‘Side Man’: Over decades, the dream slowly died

By Rich Fahey
BOSTON – There’s nothing sadder than a bunch of people on a sinking ship who seem oblivious to the fact they are going down for the count.
A group of jazz musicians watch a young man from Memphis swivel his hips on the Ed Sullivan Show and don’t realize what his ascendance will mean to their lives – and to the lives of their families.
Theater UnCorked is presenting “Side Man,” Warren Leight’s 1998 Tony Award-winning play, through Sunday in the Plaza Théâtre of the Boston Center for the Arts.
“Side Man” is a powerful, often harrowing look at a genre that fell by the wayside over a period of about three decades in New York City covered in the piece.
For all of its angst and heartbreak, Leight often finds humor in his fictionalized but highly autobiographical memory play about a jazz trumpeter who locks himself inside his music and can’t become a real father and husband to a son and wife who desperately need him. Leight’s father Donald was a “side man,” in musical terms a performer who can blend in with the band or shine as a solo performer.

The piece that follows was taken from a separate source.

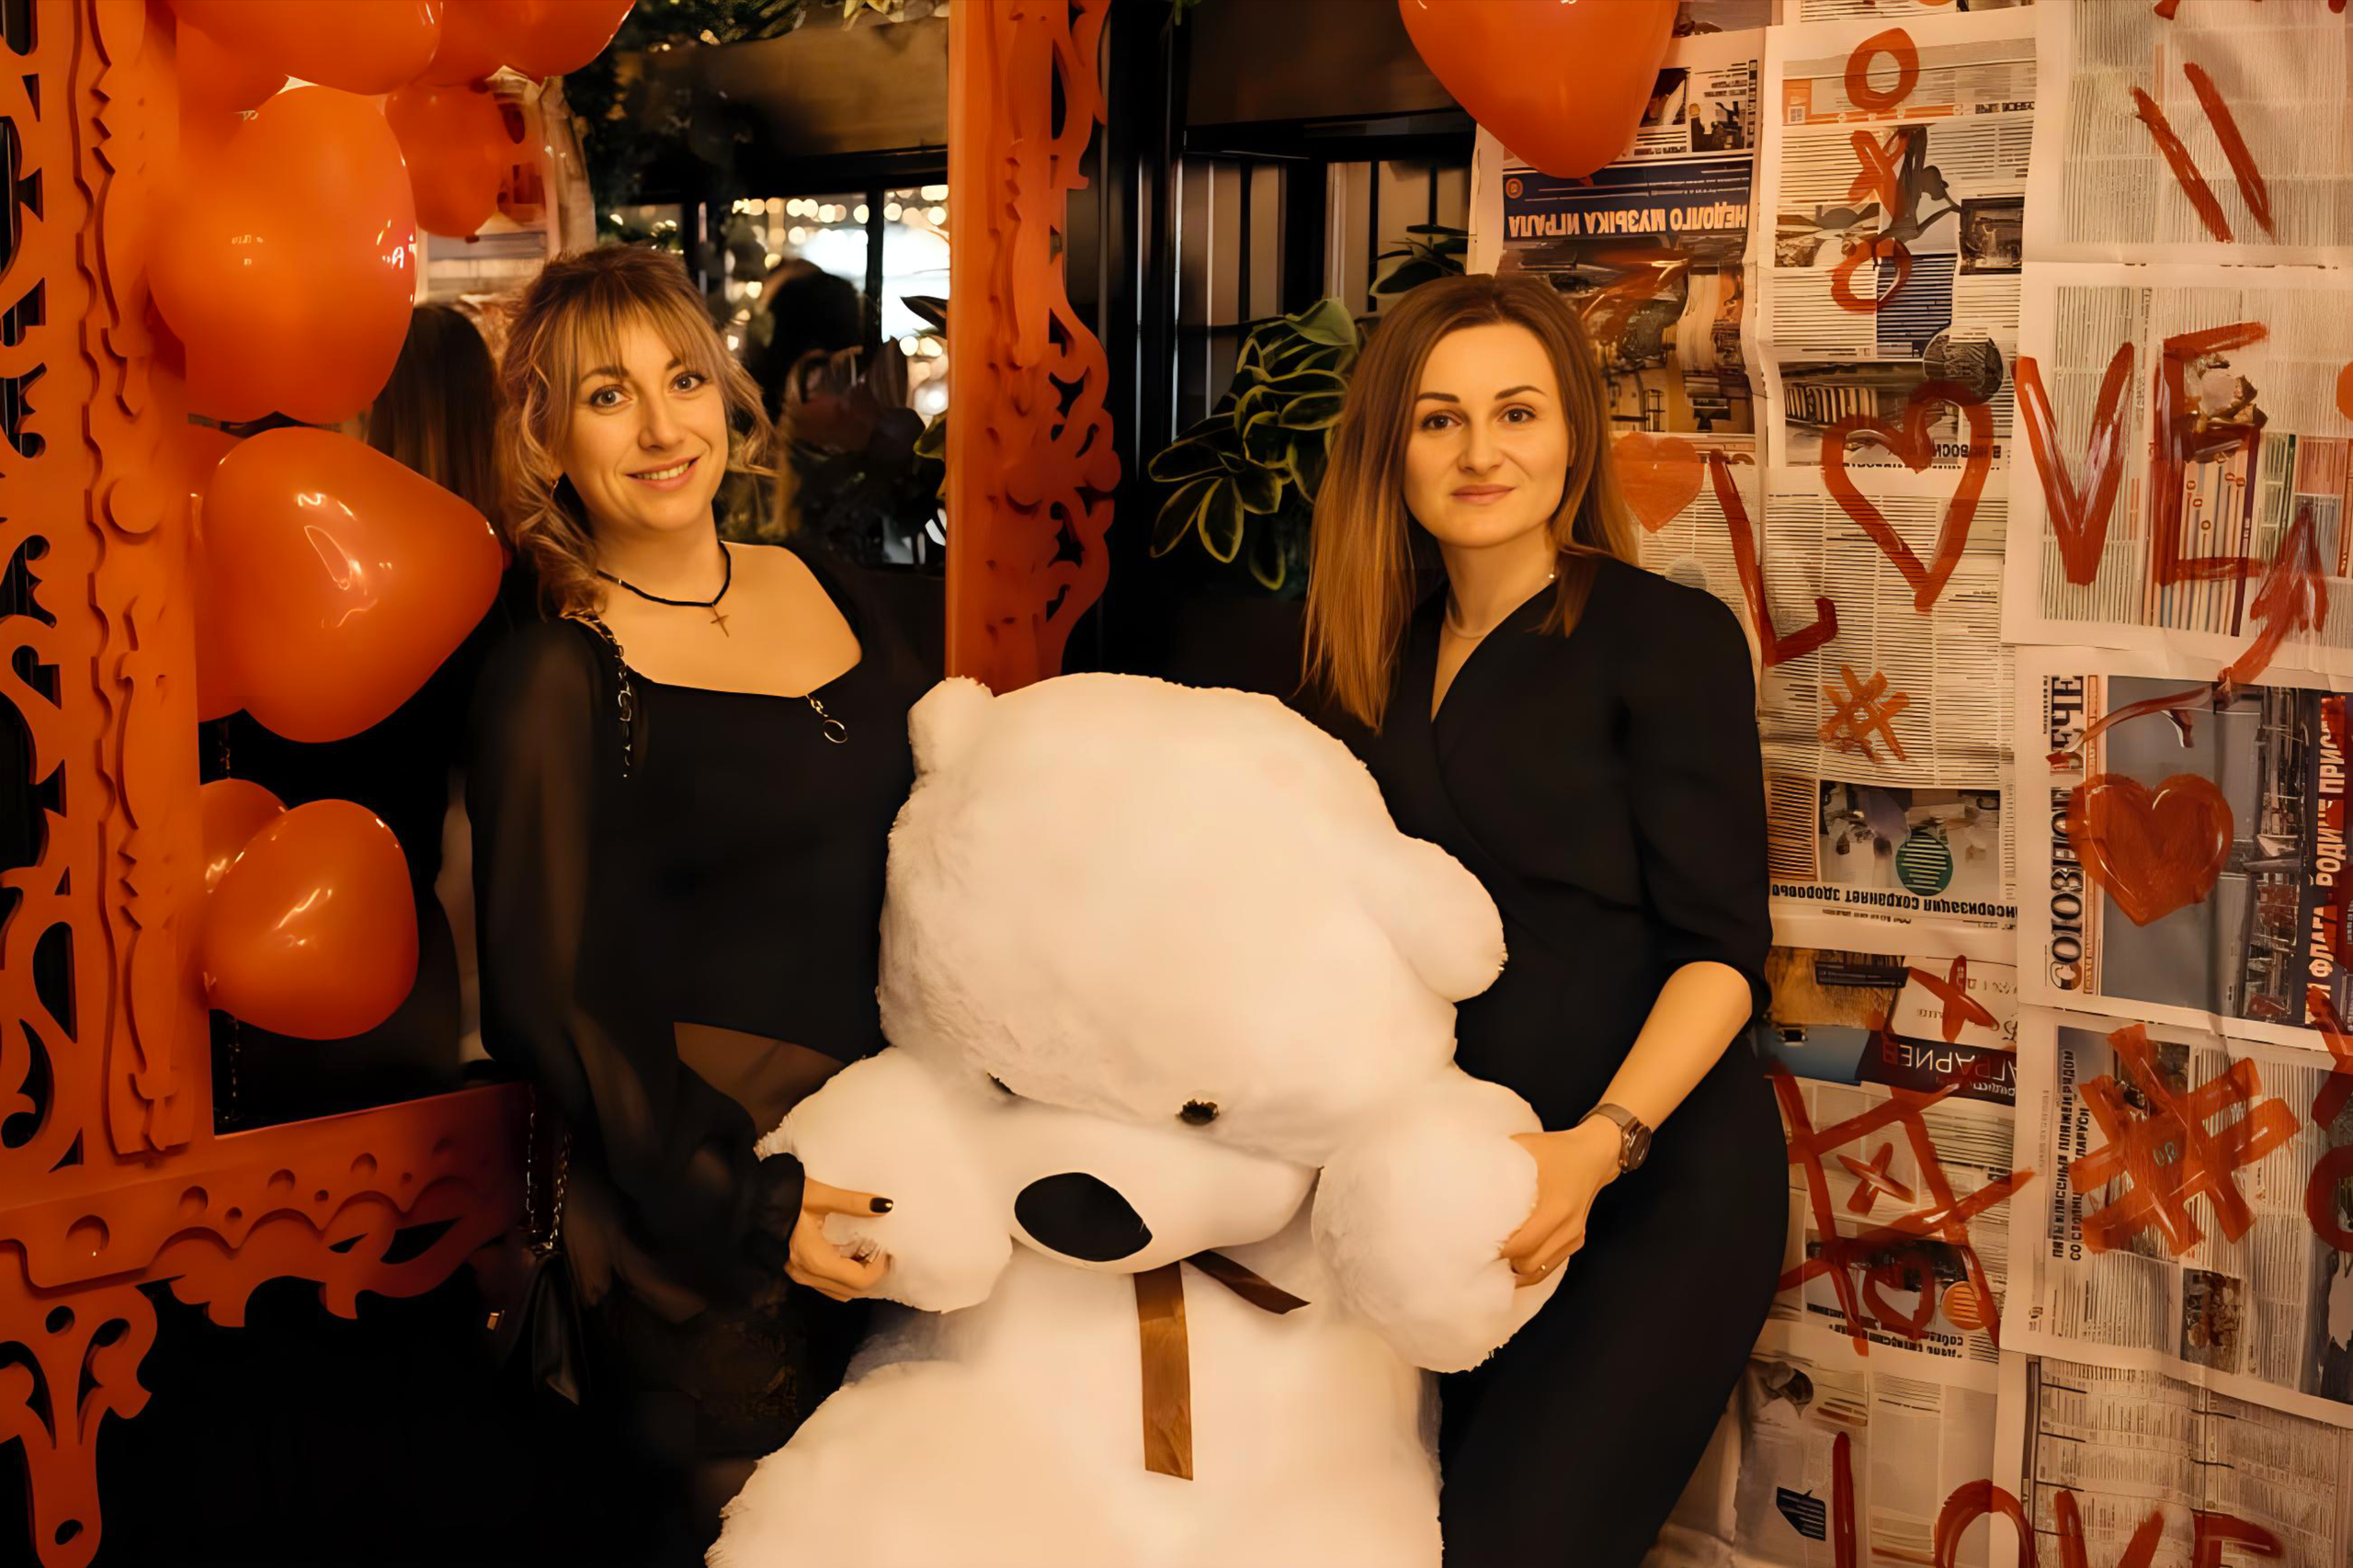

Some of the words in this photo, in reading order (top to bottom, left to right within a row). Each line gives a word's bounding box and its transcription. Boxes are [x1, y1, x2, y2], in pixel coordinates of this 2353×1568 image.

[1507, 212, 1580, 238] ИГРАЛА
[1584, 208, 1666, 234] МУЗЫКА
[1669, 201, 1747, 231] НЕДОЛГО

The story is told from the eyes of Clifford (Ben Gold), the son of trumpeter Gene (Brad Michael Pickett) and waitress Terry (Sehnaz “Shana” Dirik).
Through the years, Gene is inseparable from both his instrument and his “Rat Pack,” a trio of fellow musicians. There’s good-hearted heroin addict Jonesy (Phil Thompson), the faithful, ever-lisping Ziggy (James Hunt); and certified ladies’ man Al (Leonard Chasse), one of the many husbands of good-hearted waitress Patsy (Jennifer Shotkin) who can’t live with musicians or, it turns out, without them All four are strong, but Thompson’s role is the meatiest and he runs with it.

When the play begins at the Melody Lounge, Clifford – named for a famed jazz trumpeter who dies young – has returned to visit his now-divorced parents before moving to California, his last task in a lifetime of refereeing his parents’ battles.
Gene and Terry seem mismatched from the start – even when they first meet while performing dueling solos — but Clifford has an explanation for their getting together: “The rocks in her head fit the holes in his.”
When the “boys” are together, Gene comes alive; when they aren’t, he withdraws and becomes a spectator to life.
That means that when the desperately unhappy Terry turns to alcohol and begs Gene to leave his life before it leaves him, her pleas fall on deaf ears. “If ever I’m sitting at home on a Saturday night and not working, I’ll quit.”
But when it finally happens, he clings to false hopes about the future and Terry can’t control her rage.
Since she established Theater UnCorked, Artistic Director Dirik has made it a point to challenge herself with difficult roles such as this one and last year’s Fosca in a Covid-shortened run of Stephen Sondheim’s “Passion.”
The role of Terry is a grind, but Dirik ultimately triumphs. Terry is profane, an alcoholic, descending quickly – perhaps too quickly –into the clouds of mental illness. If there is one area where Leight’s piece falls a bit short, it’s in making Terry take such a deep, quick descent into darkness.
Gold’s Clifford moves effortlessly from narrator to being in the moment and part of the action. He can see the train wreck coming, as his parents drift apart.
Gene is in denial much of the time, and it is up to the resilient Clifford, who has managed to cut through the chaos and excel academically – even earning a scholarship to the acclaimed Rhode Island School of Design and working in advertising – to become his mother’s caretaker. He coaxes her off a fire escape and rescues her from a hospital emergency room, trying to get her the proper care.
While the tone is dark, there is fun to be had, especially in the musicians’ convoluted explanation of “jazzonomics”: The carefully-calibrated dance between working and collecting unemployment benefits, and the celebration that ensues when Clifford briefly joins the family business and cashes his first unemployment check.
The jazz riffs that permeate the piece are always welcome, especially with the Clifford Brown classic “A Night in Tunisia.” The lighting by Erik Fox and sound design Tim Rose are both effective, as are Anna Silva’s costumes.
Director Russell R. Greene has molded his cast into a tight ensemble, playing off one another expertly; “Side Man” flows briskly at two hours, including an intermission.
Dirik hit on something in describing “Side Man”: “Jazz isn’t the only thing rock and roll destroyed.”
In the way it explores the death of the American Dream for the jazz era’s “side man,” Leight’s piece has something in common with an iconic work: The demise of the traveling salesman in “Death of a Salesman.” Good company to keep.
Theater UnCorked’s presentation of Warren Leight’s “Side Man.” Directed by Russell R. Greene. At the Plaza Theatre of the Boston Center for the Arts, 539 Tremont St., Boston, through May 7. Tickets: bostontheatrescene.com.